THE RETURN OF THE BAROQUE: JONATHAN TRAYTE & REBECCA SHARP
November 09 - December 16 , 2023
At first glance, Rebecca Sharp
and Jonathan Trayte might seem to have little in common. A painter, Sharp (born
1976) emerges from an American-Brazilian background. She is closely engaged
with the shamanic and carnivalesque energies of Brazil’s popular culture. She
works, also, through an ongoing critical conversation with the women artists of
the 20th-century avant-gardes and their incandescent legacies of
experiment in life and art, which had until recently been under-regarded. A
sculptor, Trayte (born 1980) was born in Huddersfield in the north of England
and spent time in South Africa as a child. He has worked as a sous chef at a
farmers’ market and restaurant, and is preoccupied with the forms, colours and
circulations of a consumption-oriented mass culture that has come to be defined
largely by supermarkets, restaurants and cafés. And yet, marvellously, even
magically, their oeuvres come together in a generative space of dialogue.
Sharp, whose paintings draw as
much on the vibrant folk-Catholicism of South America as on the surrealism of
Leonora Carrington, invites us to open ourselves to the plural dimensions of
space, time and identity that we inhabit, and which we do not always
acknowledge. Trayte, whose sculptures gesture as much towards Claes Oldenburg
as towards Ettore Sottsass, urges us to blur the genre distinctions we make
between materials and experiences, underlines the similarity between sugar and
glass, flour and plaster. What strikes me most compellingly is that both these
artists return – by routes that are quite distinct and through emphases that do
not coincide – to the legacy of the Baroque in all its grand extravagance.

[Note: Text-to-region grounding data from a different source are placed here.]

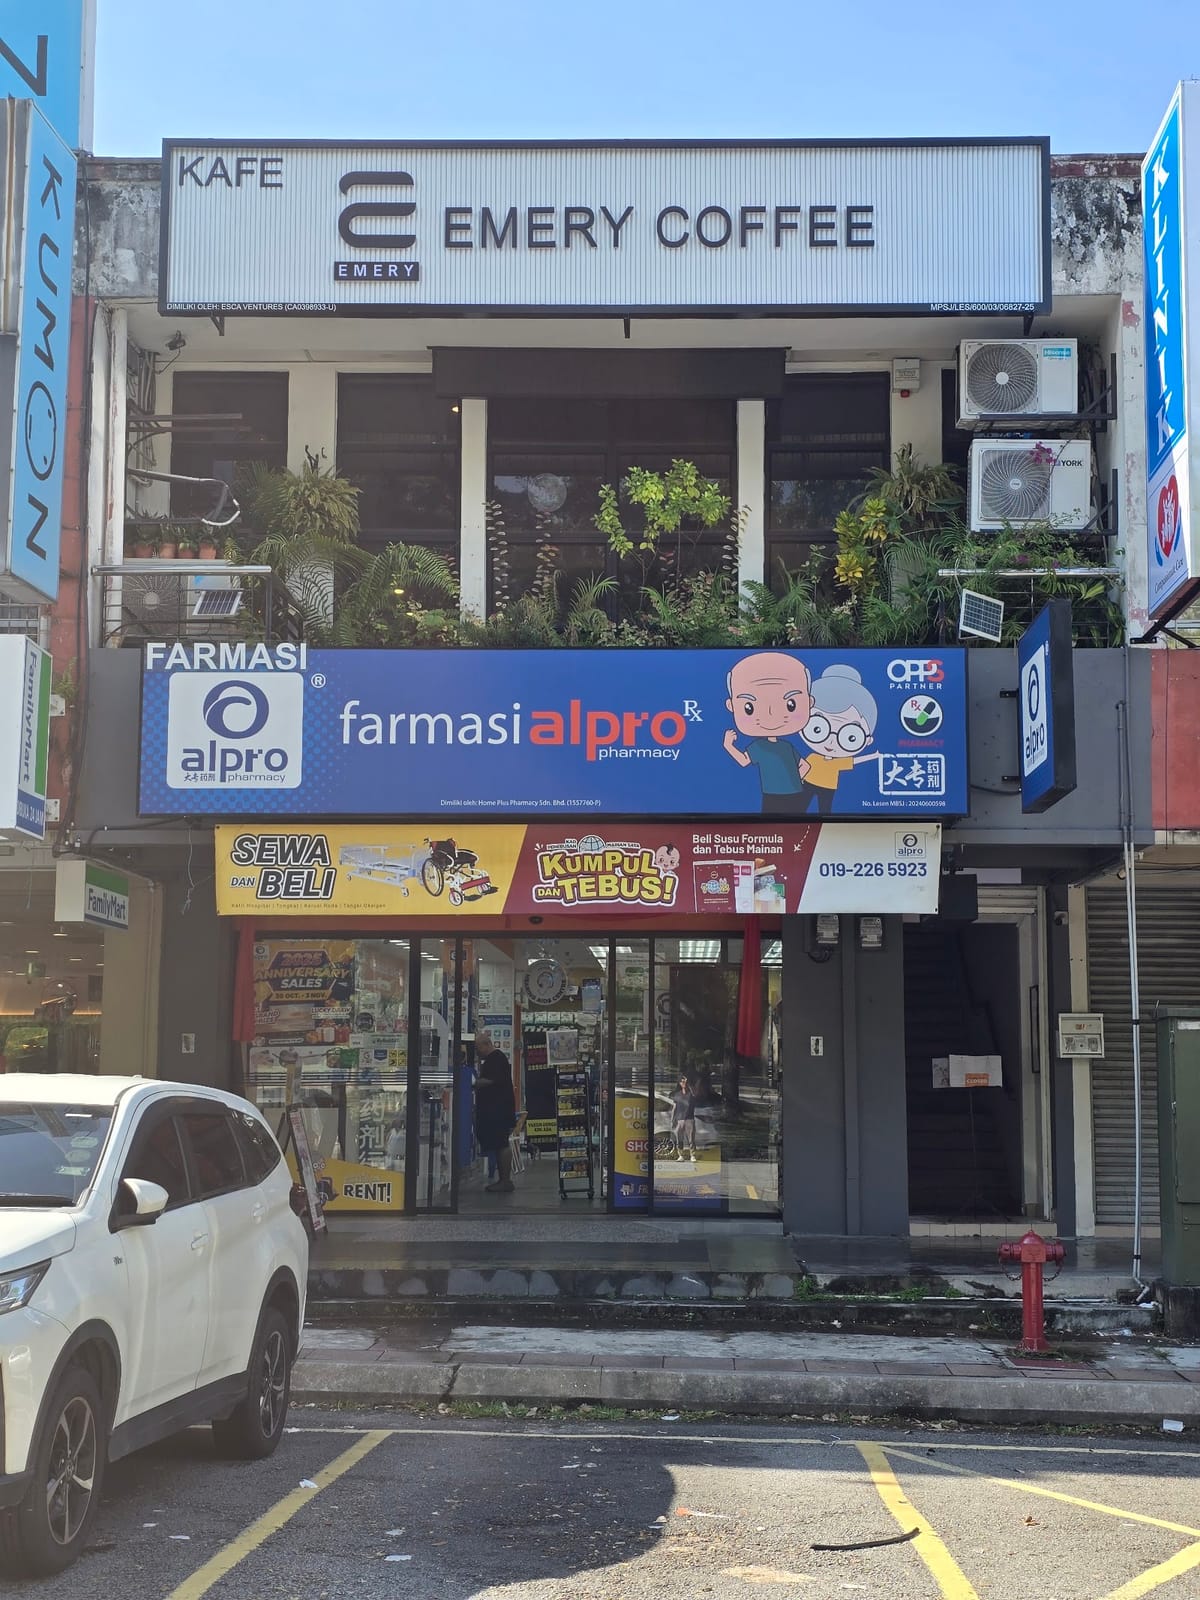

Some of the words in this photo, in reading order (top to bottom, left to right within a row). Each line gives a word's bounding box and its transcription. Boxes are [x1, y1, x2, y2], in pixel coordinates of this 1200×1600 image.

[179, 156, 283, 187] KAFE
[445, 206, 635, 248] EMERY
[656, 205, 875, 248] COFFEE
[338, 264, 415, 277] EMERY
[1151, 135, 1175, 456] KLINIK
[167, 303, 196, 311] DIMILIKI
[198, 303, 220, 311] OLEH:
[221, 303, 242, 311] ESCA
[243, 303, 283, 311] VENTURES
[25, 153, 63, 560] KUMON
[1061, 459, 1082, 467] YORK
[146, 642, 308, 670] FARMASI
[23, 650, 38, 783] FamilyMart
[339, 700, 521, 745] farmasi
[529, 699, 687, 761] alpro
[1026, 722, 1045, 765] alpro
[181, 740, 289, 783] alpro
[599, 746, 680, 761] pharmacy
[228, 773, 286, 783] pharmacy
[440, 799, 462, 807] Dimiliki
[463, 799, 478, 807] oleh:
[478, 799, 497, 807] Home
[497, 799, 509, 807] Plus
[510, 799, 538, 808] Pharmacy
[539, 799, 553, 807] Sdn.
[553, 799, 565, 807] Bhd.
[692, 834, 712, 844] Beli
[714, 834, 739, 844] Susu
[741, 834, 783, 844] Formula
[232, 834, 331, 867] SEWA
[692, 844, 712, 854] dan
[714, 844, 745, 854] Tebus
[746, 844, 783, 854] Mainan
[898, 847, 923, 856] alpro
[541, 850, 658, 878] KUMPUL
[819, 862, 884, 877] 019-226
[887, 862, 927, 877] 5923
[231, 877, 255, 887] DAN
[257, 868, 336, 899] BELI
[557, 874, 675, 901] TEBUS!
[537, 887, 561, 897] DAN
[88, 887, 126, 921] FamilyMart
[255, 967, 350, 980] ANNIVERSARY
[280, 979, 322, 989] SALES
[621, 1106, 649, 1120] Clic
[343, 1182, 392, 1204] RENT!

Both
Sharp and Trayte reclaim the special gifts of the Baroque: its self-aware and
astute theatricality, which at its best was not an escape into fantasy but,
rather, a sublime enlargement of the alternatives to a constrained normality;
and its capacity for defying the proprieties and exceeding the limits of
medium, spatial context and intended audience.
*
Sharp’s paintings act as zero-gravity spaces or
miniature proscenium theatres in which figures, elements and signals align themselves
into enigmatic constellations. In these oneiric scenarios – richly inspired and
nourished by Brazil’s pre-Columbian and Afro-Brazilian cultures, yet also
informed by the artist’s transhistorical kinship with Yves Tanguy and Frida
Kahlo – bejewelled fruits and crystalline geodes float alongside totem poles
and talismans, while guardian figures
conduct rites of transfiguration. Are they spirit guides waving wands, interstellar
visitors powered by light beams, phantoms, or Tantric guardians of deep psychic
realms? Sharp earned a master’s degree in Buddhist philosophy and is a questor
who cherishes viscerally transformative liminal experiences. Accordingly, her
paintings can come across as visual anthologies of hymns, anthems and
incantations, grimoires that spell out vital reserves of hope, resistance and
resurrection. In one of them, we encounter a banner blazoned with the title of
a Cynthia Luz song, “Eu nãu sou daqui”:
I’m not from here.
We sense the thrum of the
carnival in these works, with its entwined currents of passion and death, its
simultaneous unfolding of lives and afterlives, its choreography of ecstasy and
risk. This is not to romanticise or exoticise Brazil. As a gay person, Sharp is
painfully aware of Brazil’s contradictions. On the one hand, its gloriously
kaleidoscopic mix of Native, African and European cultures has given birth to a
surging creative freedom and an organic cosmopolitanism. On the other, the
country suffered decades of military dictatorship supported by the
arch-conservative sections of society; racism, transphobia and implacable
hostility towards the queer community have long been endemic features of Brazilian
collective life.
Shuttling between vistas of
extinction and the palpability of detail, mythic frameworks premised on
infinity and the clock time of history that is predicated on finitude, Sharp regards
herself as bearing the responsibility of the witness who can stand apart from a
human-centric narrative, and testify to processes of creation, destruction and
healing that involve all beings. She finds herself reminded of a teaching from
the Mahayana Prajnaparamita Sutras:
“Emptiness is form; form is emptiness.”
*
Trayte’s sculptures occupy a
shifting domain between toy, vitrine artefact, popular votive and commercial
fetish. They remind us of an East Asian-style display of ceramic or plastic
facsimiles of food laid out as a visual menu, with the intention of assisting
tourists across differences of language and culture. In Trayte’s handling, it
is vividly transformed into a marketplace iconography that can be fetishised
upward through labelling and branding. These sculptural provocations address,
with stylish vigour, a suite of themes that fascinated the pioneers of Pop Art:
food, leisure, the life of the street, advertising imagery, the effervescence
of the everyday. Trayte’s experiences in the domain of the culinary arts appear
to have informed his work as a visual artist. As we savour the felicity with
which he conceives, composes and assembles his sculptures, we sense, at work,
an expertise in combining flavours and sensations, in plating and presenting an
offering that appeals to several senses at once.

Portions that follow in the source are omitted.